Building Something New
“The biggest challenge on our sustainability journey is rethinking and innovating new materials that are as durable, strong, and high quality as our existing bricks and fit with LEGO elements made over the past 60 years,” said Tim Brooks, LEGO Group Vice President of Environmental Responsibility. “With this prototype, we’re able to showcase the progress we’re making.” The prototype is made of Polyethylene terephthalate (PET) plastic from discarded bottles.
LEGO says it will be a while before the new bricks are on shelves. The company says it’s still formulating the perfect PET, specifically figuring out how to achieve the same bright colors that builders have come to know and love. Additionally, pilot production is expected to take at least one year.

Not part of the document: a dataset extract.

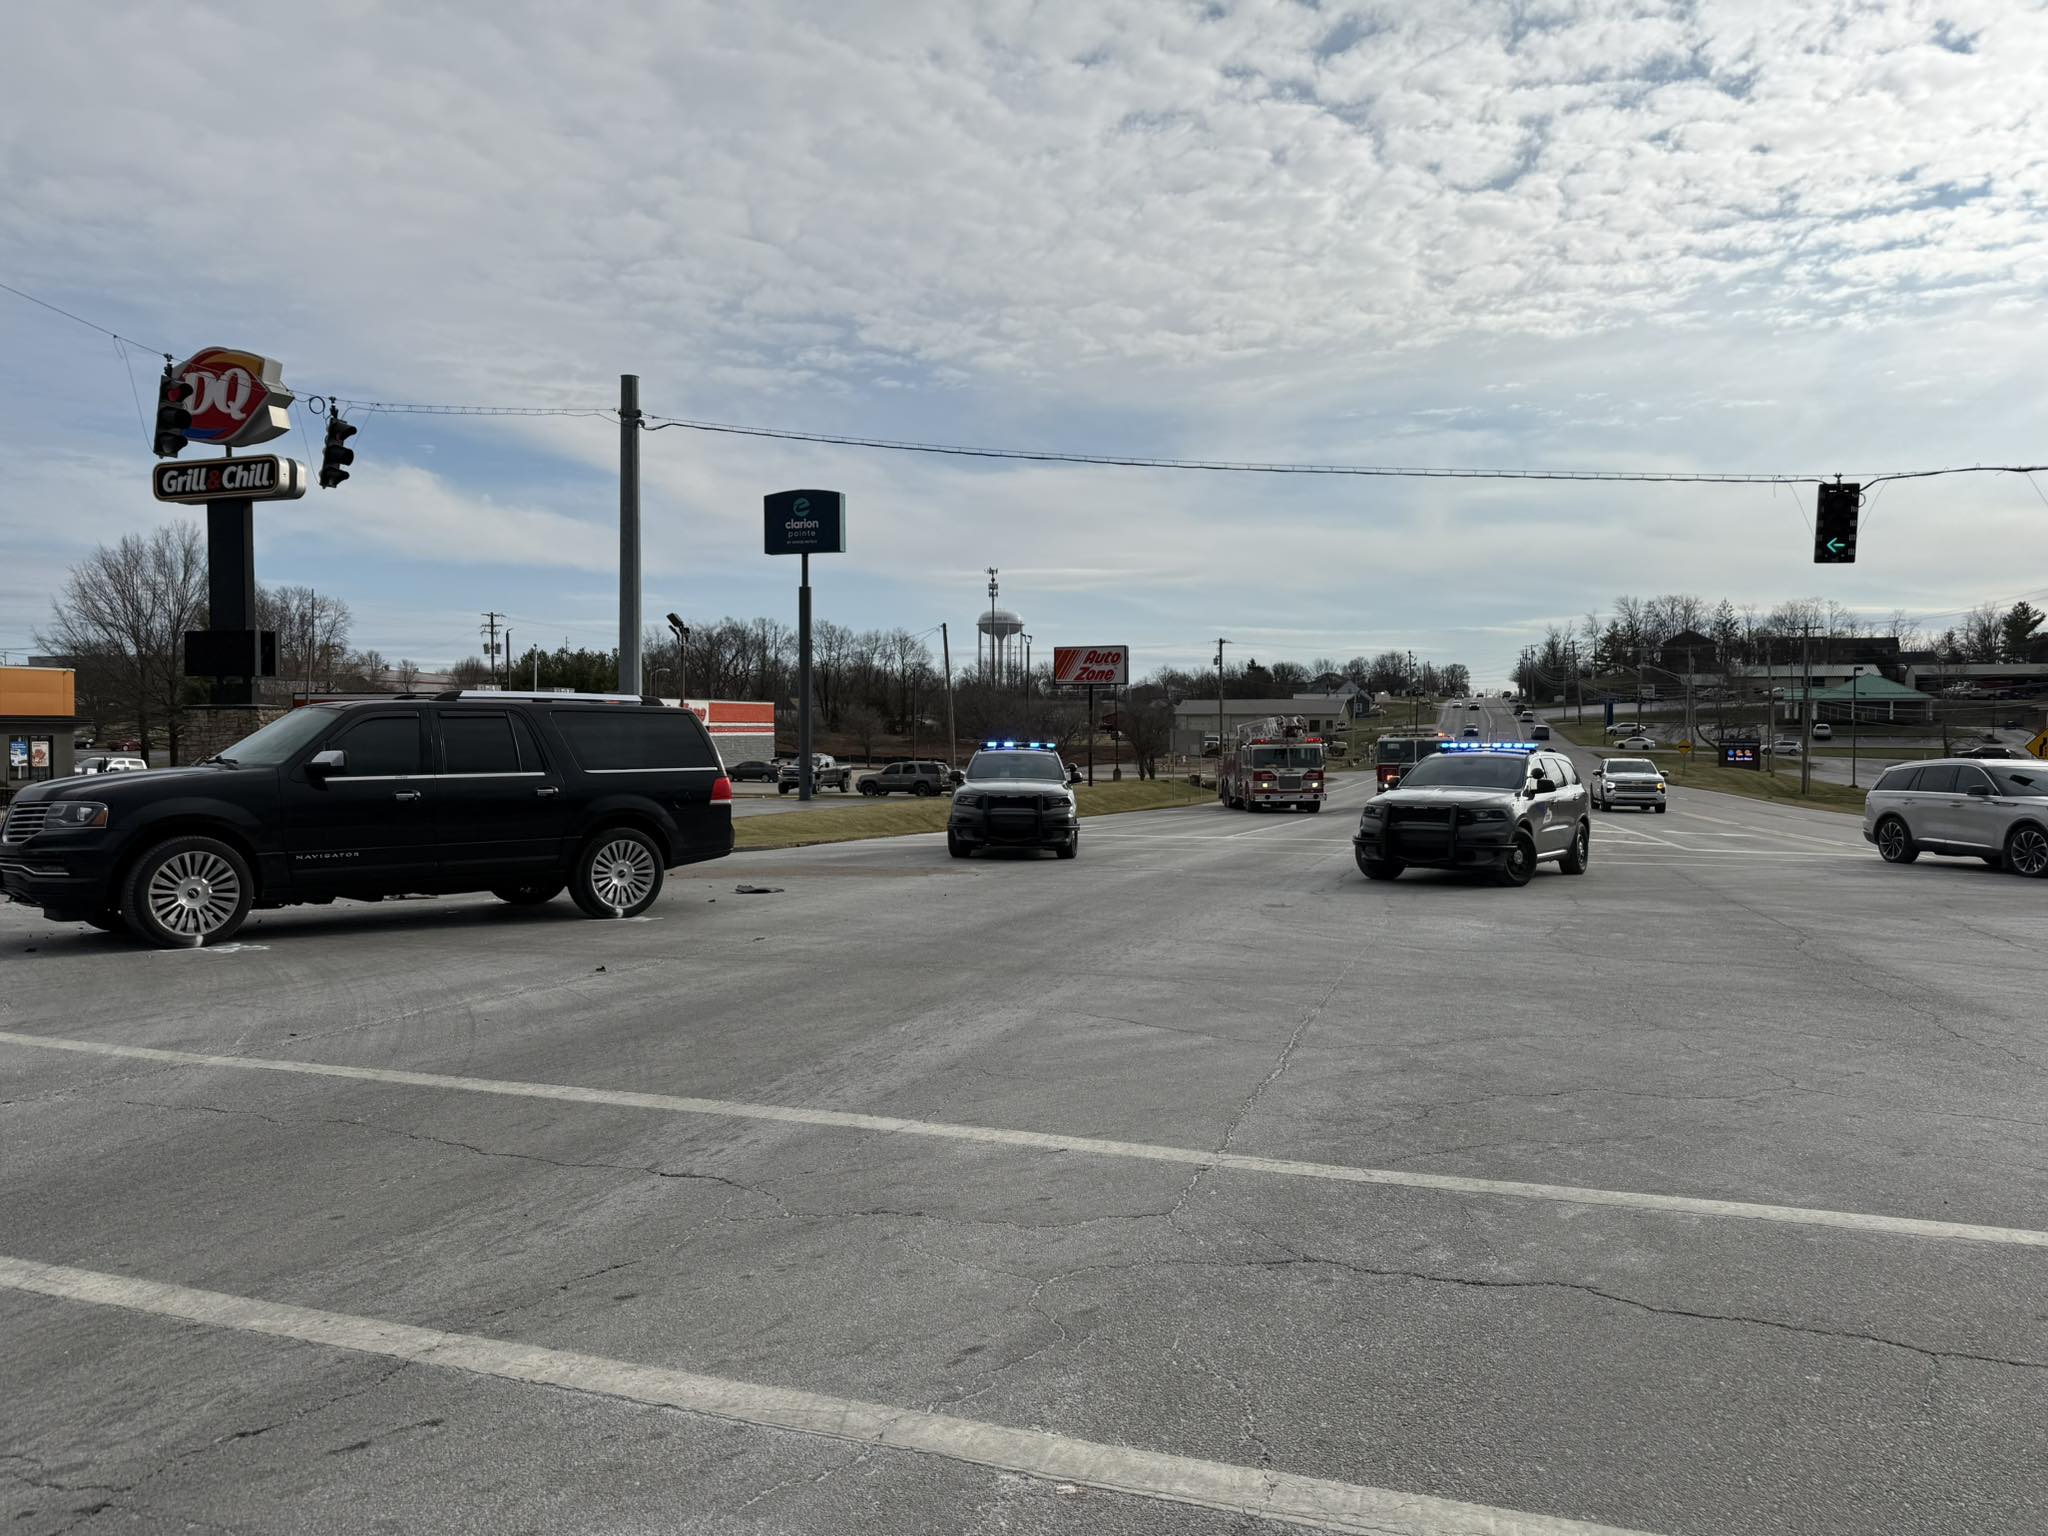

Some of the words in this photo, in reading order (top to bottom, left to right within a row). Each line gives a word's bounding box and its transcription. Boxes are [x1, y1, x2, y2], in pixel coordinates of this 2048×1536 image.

Last year, LEGO announced it would make a $400 million investmentinto sustainability initiatives, including removing single-use plastic bags from its packaging. CEO Niels B. Christiansen said that this investment is a response to a generation of kids crying out for urgent climate action. Brooks says that this innovation is just one more way LEGO is working to inspire that generation, “experimentation and failing is an important part of learning and innovation. Just as kids build, un-build, and rebuild with LEGO bricks at home, we’re doing the same in our lab.”